Il resterait à dire un mot sur les parterres fleuris et sur ces objets cocasses que sont les « rochers parleurs ». A Sapporo, François Trézin a établi une sorte d’inventaire des fleurs et espèces végétales qu’on trouve « au pied des arbres » et que chaque occupant des maisons les plus proches a pour mission de prendre soin. Il a ainsi mis en lumière, au sens propre et figuré, la sensibilité indubitablement japonaise pour tout ce qui atteste la profusion de la nature, son infinie beauté et diversité (cette révérence humble et bienveillante à l’égard de ce qui se déploie à la surface de la Terre rend d’autant plus douloureux le drame horrible accablant aujourd’hui ce peuple). La photographie l’atteste, en même temps que, comme sa précision l’y autorise, elle fait également valoir la singularité de chaque parterre, ilôt nettement circonscrit au sein duquel l’ordre et le désordre des arrangements floraux et végétaux dépendent exclusivement de la fantaisie et du soin qu’apporte chaque jardinier à cette petite parcelle.

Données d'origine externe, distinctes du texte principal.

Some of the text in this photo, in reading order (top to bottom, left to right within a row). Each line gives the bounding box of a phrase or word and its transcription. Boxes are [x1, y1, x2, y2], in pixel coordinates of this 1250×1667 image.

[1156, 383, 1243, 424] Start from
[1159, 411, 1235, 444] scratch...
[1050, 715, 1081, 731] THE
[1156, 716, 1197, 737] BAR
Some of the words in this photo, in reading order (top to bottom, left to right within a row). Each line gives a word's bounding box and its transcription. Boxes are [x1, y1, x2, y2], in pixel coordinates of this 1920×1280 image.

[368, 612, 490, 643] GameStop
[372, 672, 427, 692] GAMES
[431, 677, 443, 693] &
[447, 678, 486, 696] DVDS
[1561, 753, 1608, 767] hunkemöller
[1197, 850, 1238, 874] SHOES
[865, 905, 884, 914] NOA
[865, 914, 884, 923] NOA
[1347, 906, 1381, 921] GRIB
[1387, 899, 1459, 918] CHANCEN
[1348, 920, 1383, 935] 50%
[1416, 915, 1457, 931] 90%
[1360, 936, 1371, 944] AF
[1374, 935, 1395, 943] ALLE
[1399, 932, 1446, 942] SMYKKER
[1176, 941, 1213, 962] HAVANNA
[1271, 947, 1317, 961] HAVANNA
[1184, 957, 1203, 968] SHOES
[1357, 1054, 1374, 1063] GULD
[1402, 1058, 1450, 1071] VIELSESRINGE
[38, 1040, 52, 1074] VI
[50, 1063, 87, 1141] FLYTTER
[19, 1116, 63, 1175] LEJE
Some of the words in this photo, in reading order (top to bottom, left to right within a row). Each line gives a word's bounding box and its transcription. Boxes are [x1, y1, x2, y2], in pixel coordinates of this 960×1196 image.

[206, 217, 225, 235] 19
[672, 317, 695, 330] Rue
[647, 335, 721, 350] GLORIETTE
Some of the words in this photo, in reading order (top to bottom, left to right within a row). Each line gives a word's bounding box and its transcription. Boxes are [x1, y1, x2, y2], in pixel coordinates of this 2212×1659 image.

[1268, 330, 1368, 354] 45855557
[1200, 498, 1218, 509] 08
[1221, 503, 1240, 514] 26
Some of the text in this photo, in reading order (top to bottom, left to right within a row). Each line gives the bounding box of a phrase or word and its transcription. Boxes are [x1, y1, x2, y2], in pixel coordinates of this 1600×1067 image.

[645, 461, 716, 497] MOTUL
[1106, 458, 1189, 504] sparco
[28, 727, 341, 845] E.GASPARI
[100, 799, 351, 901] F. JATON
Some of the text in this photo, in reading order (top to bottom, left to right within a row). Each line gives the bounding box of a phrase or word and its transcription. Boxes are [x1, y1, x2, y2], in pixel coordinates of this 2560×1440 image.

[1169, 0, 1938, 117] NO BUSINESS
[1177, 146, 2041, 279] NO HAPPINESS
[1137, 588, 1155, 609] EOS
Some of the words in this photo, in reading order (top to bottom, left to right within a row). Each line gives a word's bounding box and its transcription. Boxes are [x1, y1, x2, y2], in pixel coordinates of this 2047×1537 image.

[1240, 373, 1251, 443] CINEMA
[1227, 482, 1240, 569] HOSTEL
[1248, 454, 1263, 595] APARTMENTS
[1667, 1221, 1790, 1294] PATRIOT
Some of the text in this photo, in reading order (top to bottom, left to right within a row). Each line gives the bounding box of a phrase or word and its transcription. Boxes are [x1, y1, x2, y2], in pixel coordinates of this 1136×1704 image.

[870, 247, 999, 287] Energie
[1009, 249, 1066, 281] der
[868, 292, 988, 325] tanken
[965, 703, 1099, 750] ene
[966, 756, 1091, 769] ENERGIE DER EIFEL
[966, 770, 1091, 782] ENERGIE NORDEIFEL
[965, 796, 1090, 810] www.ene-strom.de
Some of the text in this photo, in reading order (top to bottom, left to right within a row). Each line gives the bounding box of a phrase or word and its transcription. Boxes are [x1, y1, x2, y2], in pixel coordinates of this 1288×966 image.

L’éclat et la délinéation des sujets photographiés contraste ici avec l’ombre et la confusion visuelle caractérisant certaines des séries chinoises évoquées ci-dessus. Dans la perspective des écarts culturels que les photographies de François Trézin prennent en charge, on peut se demander si cette différence doit être rapportée à ce qui distingue la civilisation chinoise de la japonaise ou bien à la relation dissemblable, longue durée dans un cas, plus épisodique dans l’autre, qu’entretient le photographe avec ces deux aires culturelles asiatiques.

Les « rochers parleurs » n’ont a priori rien qui fasse écho à cette question mais sur la ligne de partage où nous nous trouvons, savoir prédire l’accueil que réserveraient les Japonais à ces objets témoignerait d’une connaissance très fine des deux cultures. A défaut, que dire d’eux ? Doivent-ils être regardés avec une pointe d’humour ? Nous informent-ils sur un registre mineur de la cohabitation dans la conception chinoise du monde entre nature, tradition et patrimoine d’un côté, technique et apports occidentaux de l’autre ? Seraient-ils, comme l’histoire autoriserait à l’envisager, le résultat d’une opération dialectique, à moins qu’elle ne soit taoïste, visant à réunir, en les maintenant et les équilibrant, les deux aspects complémentaires d’une même contradiction ? Plus prosaïquement, leur fonction se limite-t-elle à diffuser (de la musique, des slogans ?) ou bien puisqu’elles sont conçues pour l’espace public, s’étend-elle jusqu’à l’enregistrement permettant l’espionnage des conversations ? L’incapacité dans laquelle nous nous trouvons pour énoncer des réponses pertinentes à ces interrogations tient à ce qu’écrivait, dans un tout autre contexte, le dramaturge Bertold Brecht et que Walter Benjamin a repris dans sa « Petite histoire de la photographie » : «…moins que jamais – affirmait-il – le fait de “rendre la réalité“ ne dit quelque chose sur cette réalité. Une photo des usines Krupp ou de l’A.E.G. ne révèle presque rien de ces institutions. » C’est d’ailleurs pourquoi les légendes et les textes accompagnant les photographies, sans jamais prétendre énoncer doctement le vrai à leur sujet ou épuiser leurs contenus, sont en droit légitimes. Il n’empêche, la manière dont François Trézin, par la médiation de son œuvre photographique, rend perceptible l’arc des positions que son regard adopte pour faire advenir en image soit un certain confort, soit au contraire une difficulté, découle moins d’une décision que d’une exigence radicale, celle de cerner au plus près et au plus juste ce qu’il voit, c’est-à-dire ce qu’il comprend, excède et se déploie ailleurs et au-delà de la seule lecture à laquelle je viens de me livrer.